▶ [What to do]: Output the data verbatim, minus the images.

Start of Record extracts

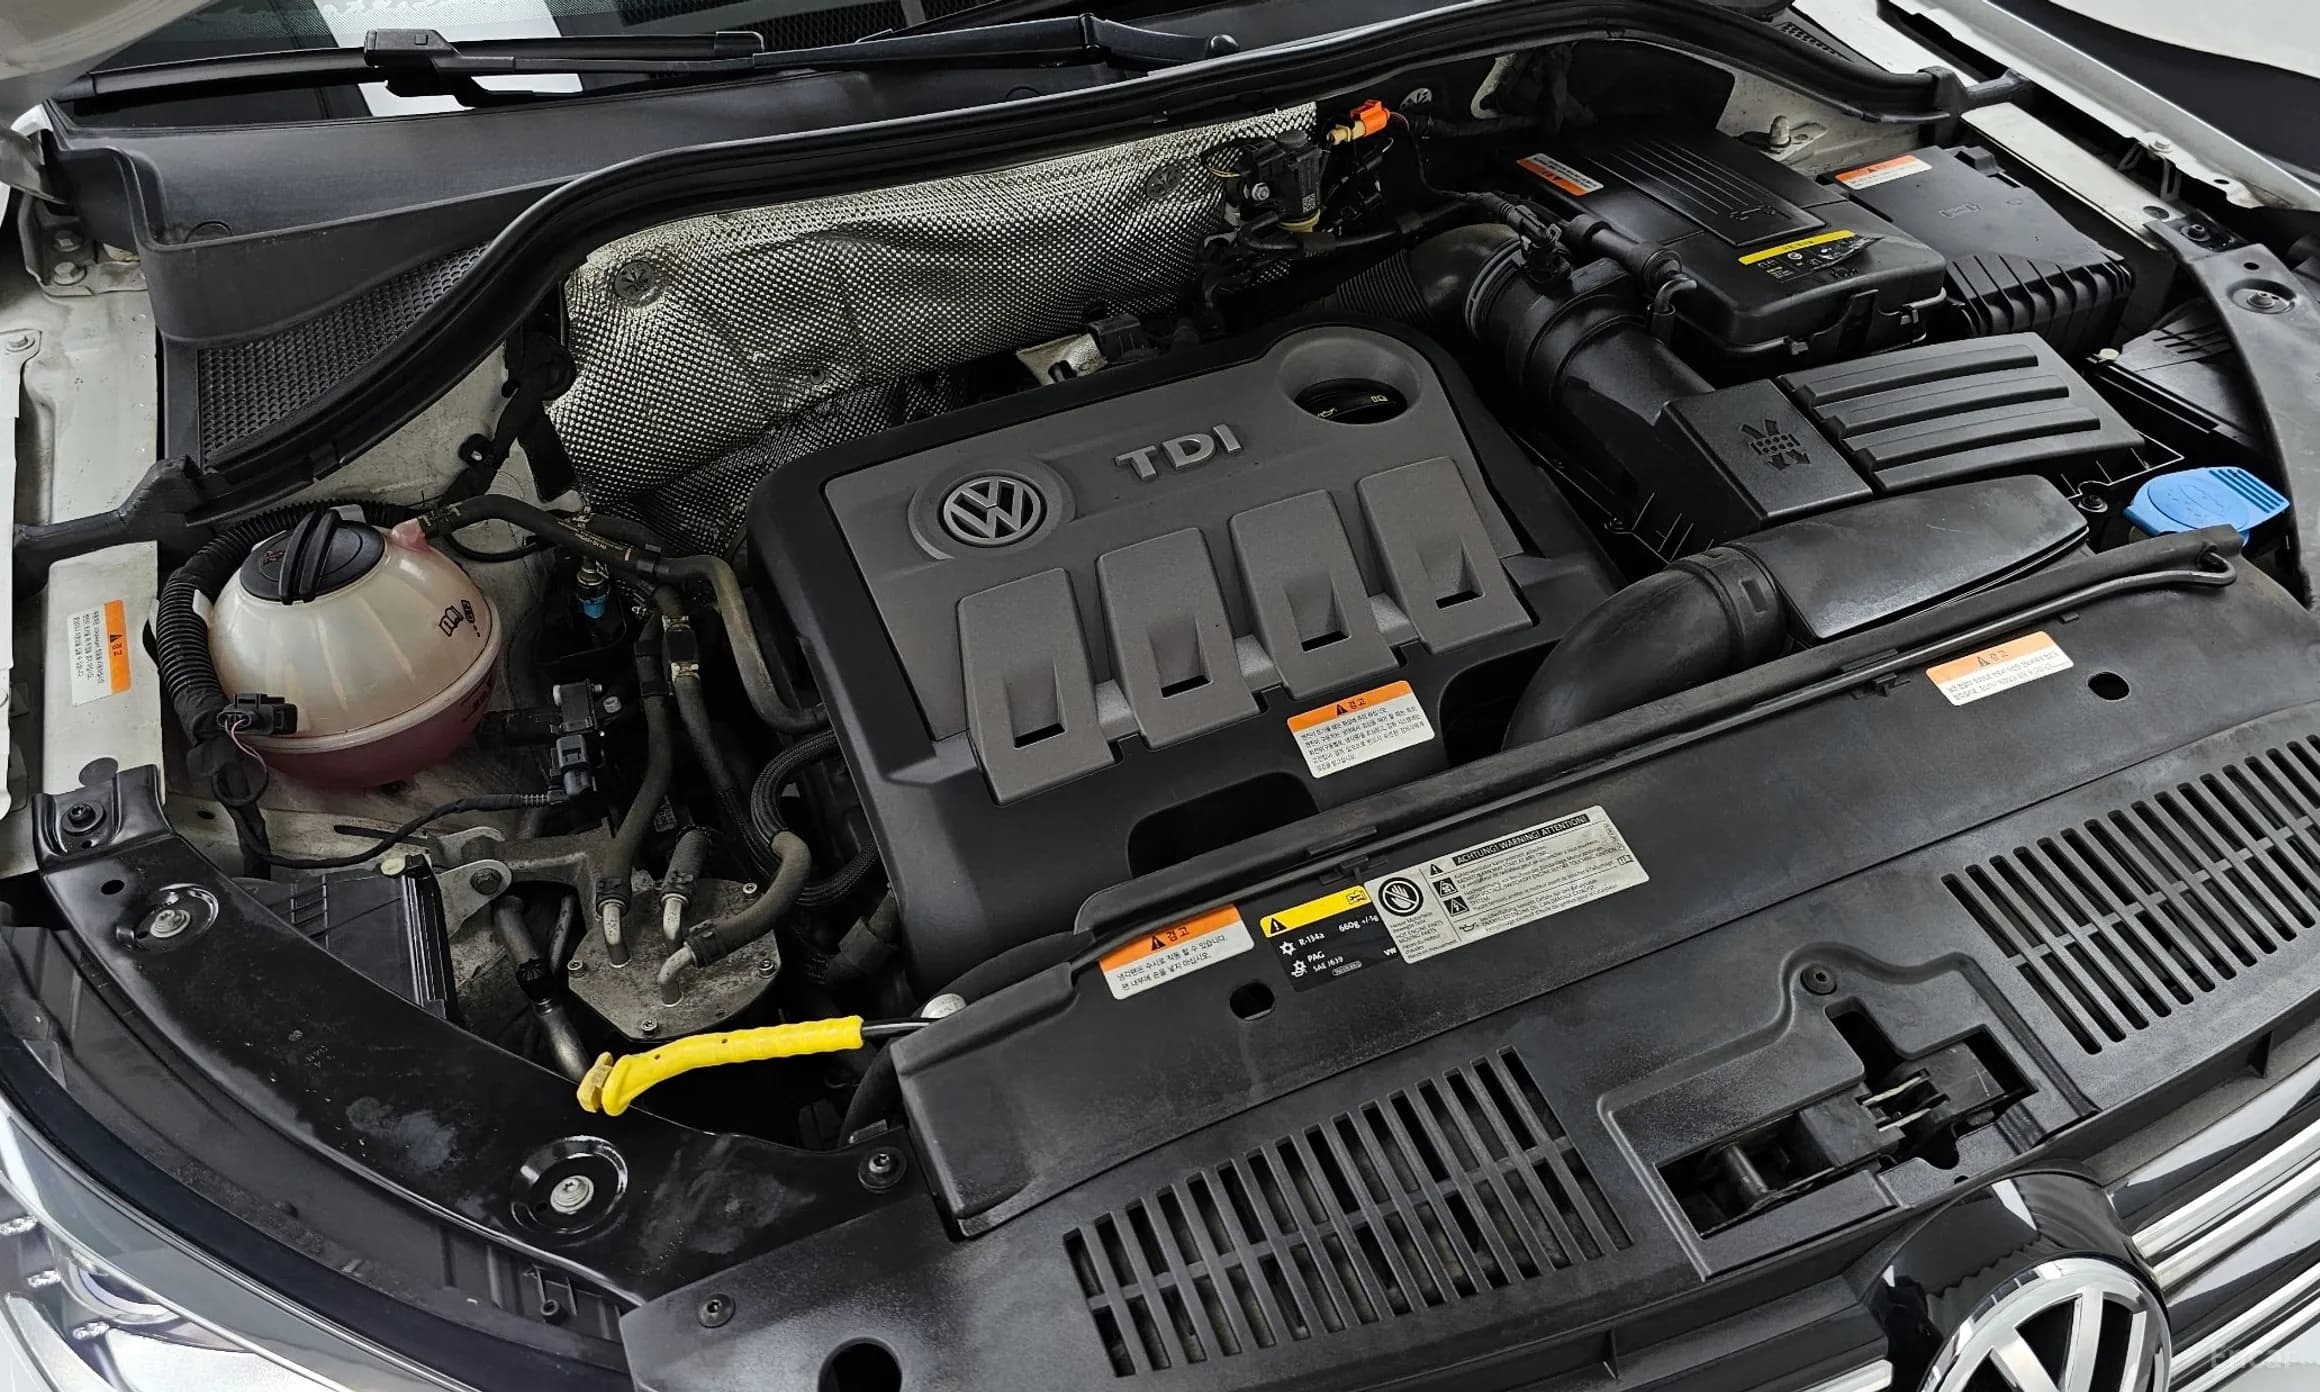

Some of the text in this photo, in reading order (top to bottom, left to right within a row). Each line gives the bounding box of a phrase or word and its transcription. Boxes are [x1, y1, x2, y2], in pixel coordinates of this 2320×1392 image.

[1113, 423, 1242, 480] TDI
[1456, 842, 1500, 865] ACHTUNG!
[1500, 828, 1541, 849] WARNING!
[1542, 814, 1587, 837] ATTENTION!
[1298, 932, 1326, 947] R-134a
[1338, 920, 1361, 932] 660g
[1307, 950, 1326, 963] PAG

End of Record extracts

▶ [Solution for this exercise]:
Some of the text in this photo, in reading order (top to bottom, left to right within a row). Each line gives the bounding box of a phrase or word and its transcription. Boxes are [x1, y1, x2, y2], in pixel coordinates of this 2320×1392 image.

[1113, 423, 1242, 480] TDI
[1456, 842, 1500, 865] ACHTUNG!
[1500, 828, 1541, 849] WARNING!
[1542, 814, 1587, 837] ATTENTION!
[1298, 932, 1326, 947] R-134a
[1338, 920, 1361, 932] 660g
[1307, 950, 1326, 963] PAG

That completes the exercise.